Fueling for a long day on trail can make or break the outcome of your hike. As you can imagine, I’m pretty intentional about giving my body what it needs to succeed, especially when I’m undertaking a physically stressful endeavor, such as hiking 40+ miles with 11k’ of elevation gain in a day. This post covers my Rim to Rim to Rim (R2R2R) nutrition strategy.

If you’re interested in reading a full account of my hike, please see this post, where I discuss the gear I wore/carried as well as details from my day of hiking in the Grand Canyon.

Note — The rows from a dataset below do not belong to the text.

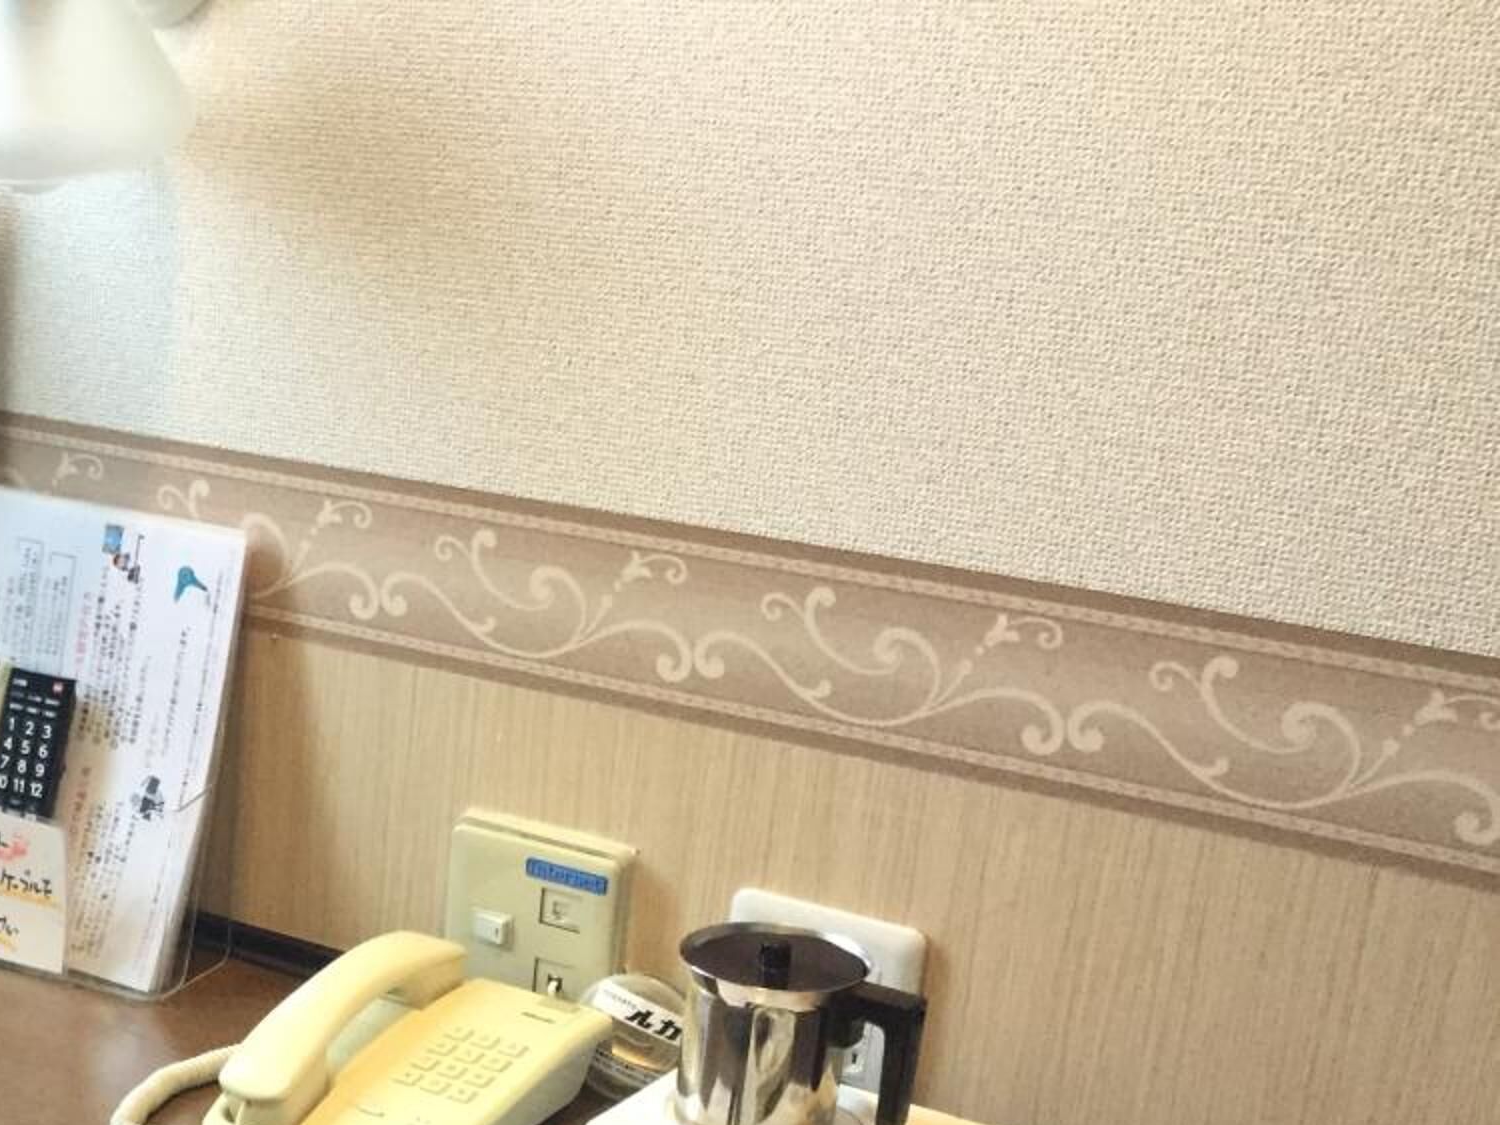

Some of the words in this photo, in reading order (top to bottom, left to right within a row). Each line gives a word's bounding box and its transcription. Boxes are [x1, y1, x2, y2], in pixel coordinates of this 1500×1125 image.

[8, 716, 16, 732] 1
[24, 720, 35, 736] 2
[41, 725, 52, 740] 3
[3, 736, 13, 751] 4
[20, 739, 31, 755] 5
[38, 744, 48, 759] 6
[0, 754, 10, 770] 7
[16, 758, 27, 774] 8
[35, 763, 45, 778] 9
[13, 777, 25, 794] 11
[30, 782, 43, 799] 12

What follows is a list of what I ate during my day of hiking R2R2R. Of course, how I eat, move, sleep, etc. on a daily basis has a greater overall impact on performance than what I do in one 24 hour period, but for those interested, here’s how I approach fueling a long day of hiking.

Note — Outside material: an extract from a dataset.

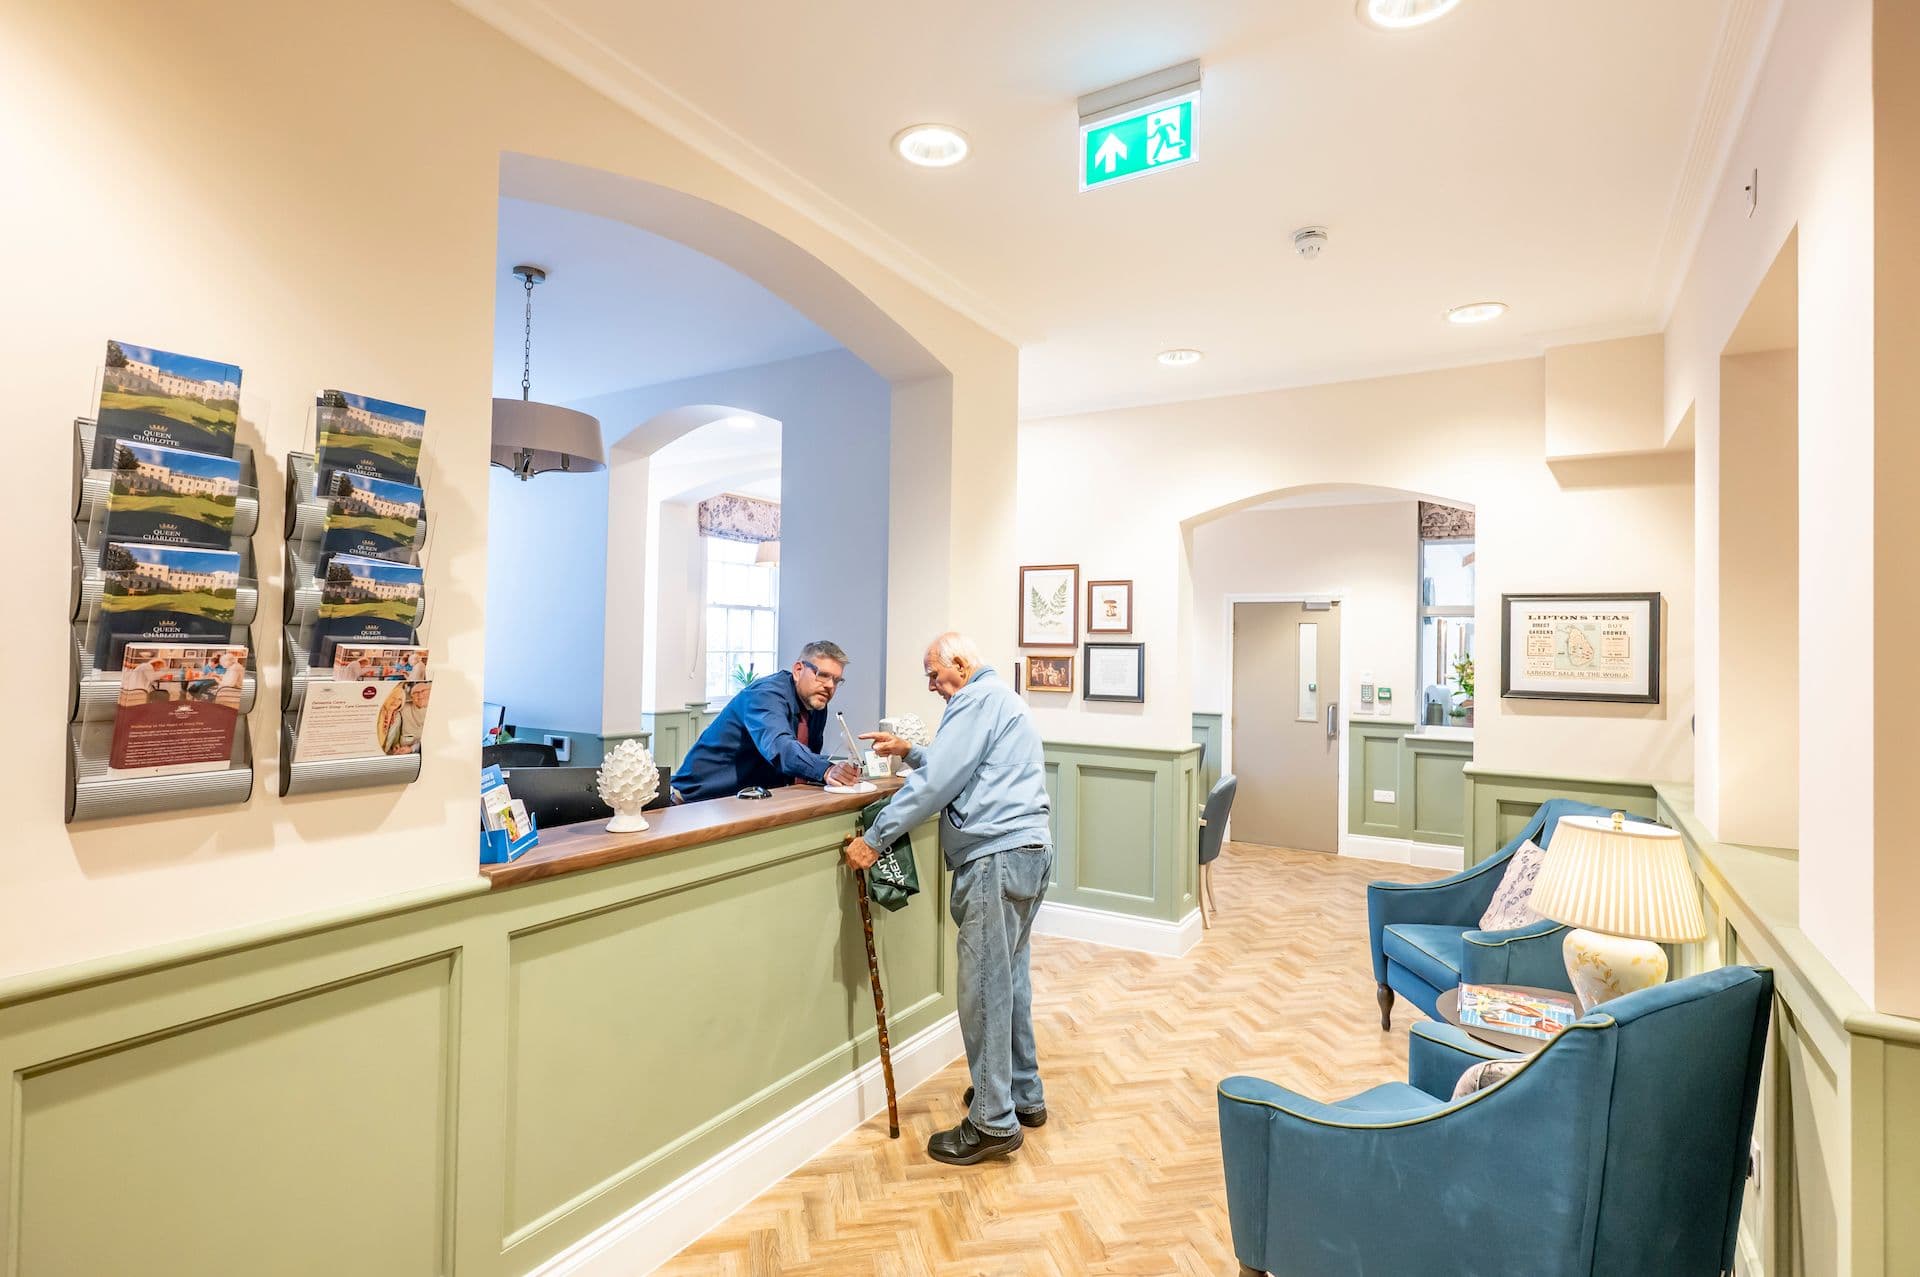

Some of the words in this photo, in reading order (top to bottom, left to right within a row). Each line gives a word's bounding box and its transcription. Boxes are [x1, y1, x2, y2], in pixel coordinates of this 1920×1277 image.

[143, 430, 171, 439] QUEEN
[133, 434, 179, 446] CHARLOTTE
[348, 468, 382, 477] CHARLOTTE
[143, 534, 188, 543] CHARLOTTE

I’ll also explain a bit about why I chose what to eat and why I chose to eat it when I did. The intention is to provide insight into how I eat for endurance and lasting energy, and hopefully you can take some tips away to use on your own adventures.

rim to rim to rim food

This photo provides a general idea of the food I brought with me to the Grand Canyon, from which I would choose what to carry on my R2R2R hike. I didn’t take all of this and I only carried a serving or two of the items pictured in bulk (e.g. the greens powder, the protein powder, the almond butter). Some of it I didn’t take at all (e.g. the bagels and the coconut chocolate).

To determine how much to carry, I used calories as the primary metric. Because I wanted to be sure I had plenty for an over-nighter should I need to stay in the canyon, I carried a bit extra, and aimed for ~4,000 calories.

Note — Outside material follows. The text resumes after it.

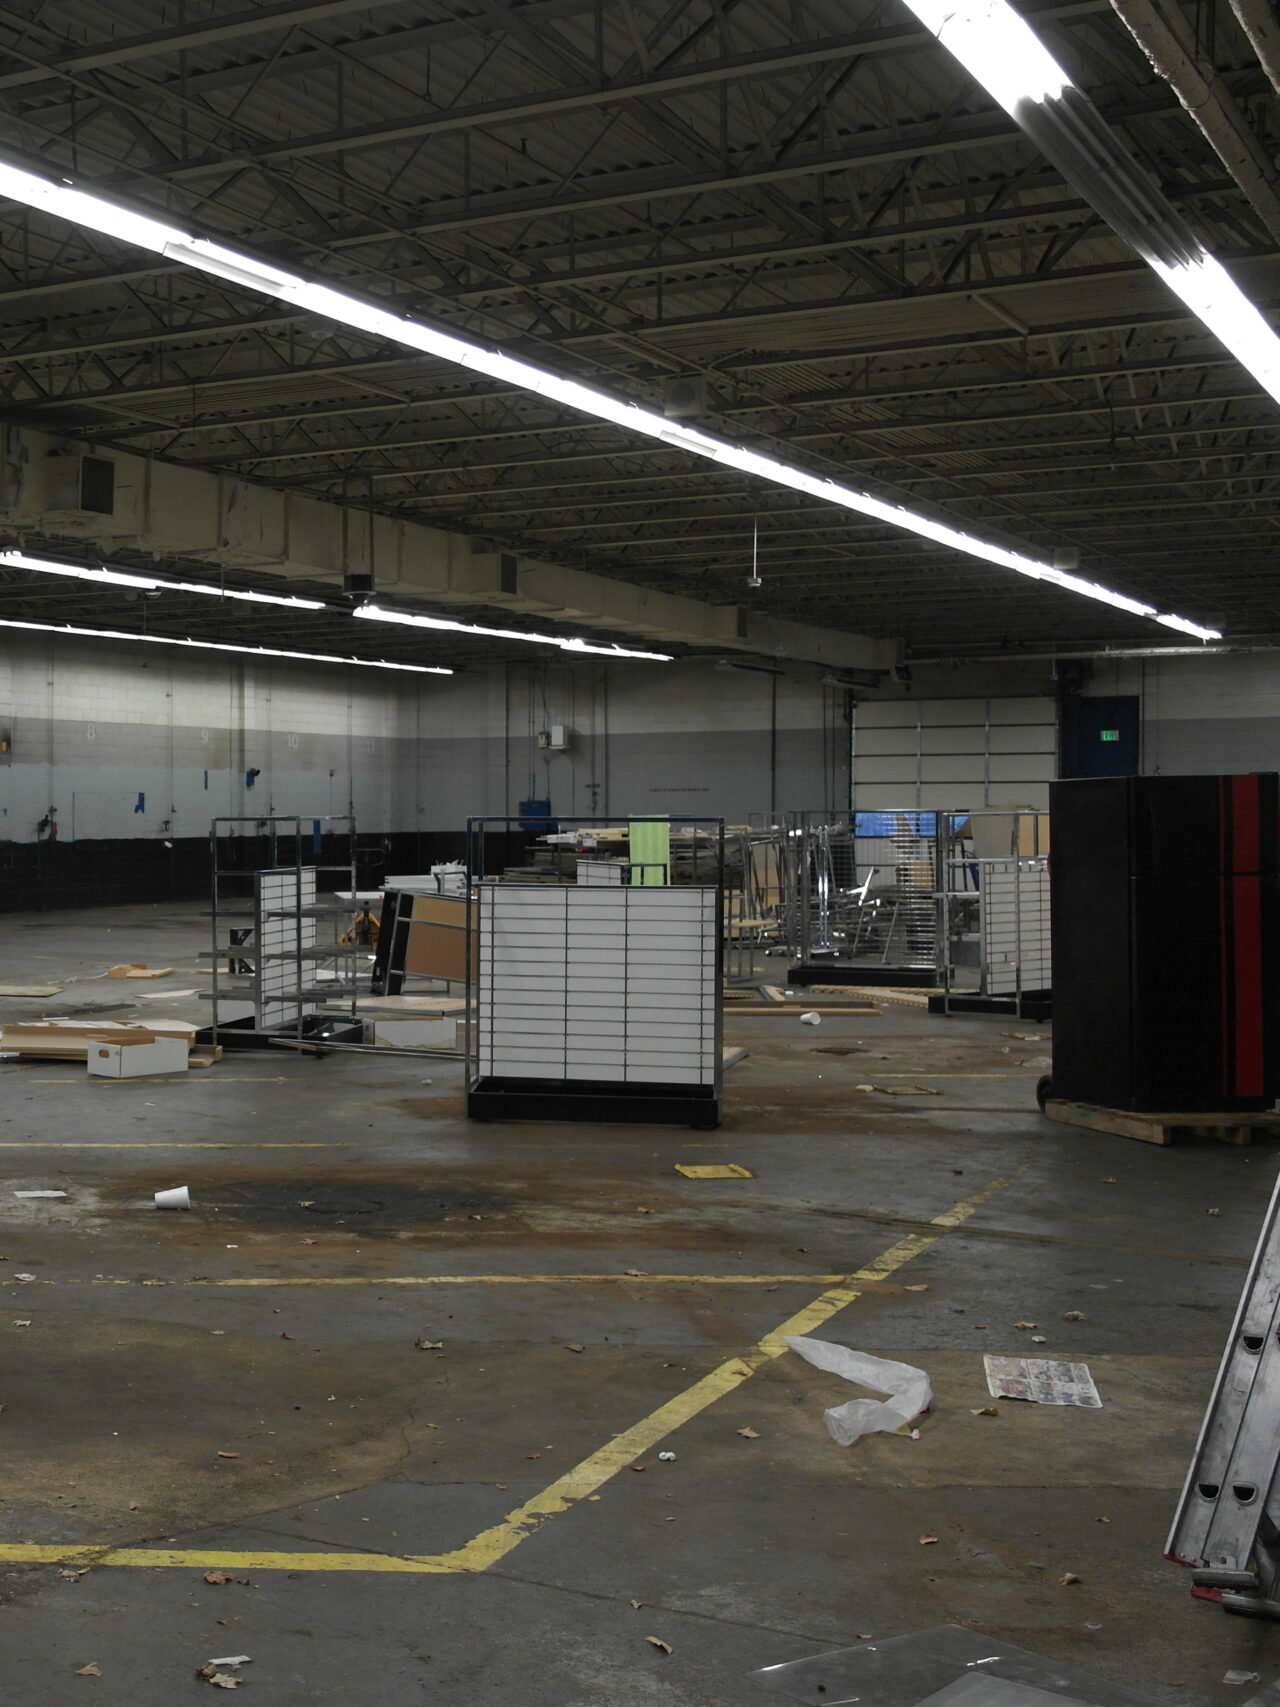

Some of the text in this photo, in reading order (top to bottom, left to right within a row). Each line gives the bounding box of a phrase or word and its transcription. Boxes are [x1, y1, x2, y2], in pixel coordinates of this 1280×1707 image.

[87, 722, 96, 740] 8
[201, 728, 209, 744] 9
[287, 733, 299, 750] 10

Here’s approximately what I ate and when, followed by an explanation of why.

5am: 3 scoops Vital Proteins Collagen Peptides + 1 scoop Trader Joes Organic Maca Powder + Four Sigmatic 10 Mushroom Blend + 1 scoop Amazing Grass Superfood + 1 spoonful almond butter (my favorite is Natural Grocer’s fresh ground… so fluffy and creamy) + 12 oz. strongly brewed Puehr Tea.

Supplements taken with breakfast: 1000 mg Vitamin CSelenium, Zinc, Omega Complex and Cellular Vitality Complex (found here, search lifelong vitality pack).

8am: Primal Kitchen Bar

10am: 1 banana, a couple servings Jackson’s Honest Sweet Potato Chips

12pm: 2 homemade date bites (similar to this recipe)

1pm: More sweet potato chips + 1 spoonful almond butter

3 pm: Primal Kitchen Bar

4pm: 1 date bite

5:30 pm: Good Day Caffeine Chocolate, 2 spoonful almond butter, a couple servings Jackson’s Honest Sprouted Red Corn Tortilla Chips

6 Nuun electrolyte tablets in water throughout day

Explanation

Whatever time you choose to break your fast (breakfast), it’s arguably the most important part of the day, nutritionally speaking. I started the morning with 30 grams of protein and a healthy fat, as I often do, whether on trail or off. This breakfast is satiating, so I don’t have to think about fueling again as quickly, and it also boosts leptin, a hormone which decreases appetite and leaves me feeling more satiated for the rest of the day.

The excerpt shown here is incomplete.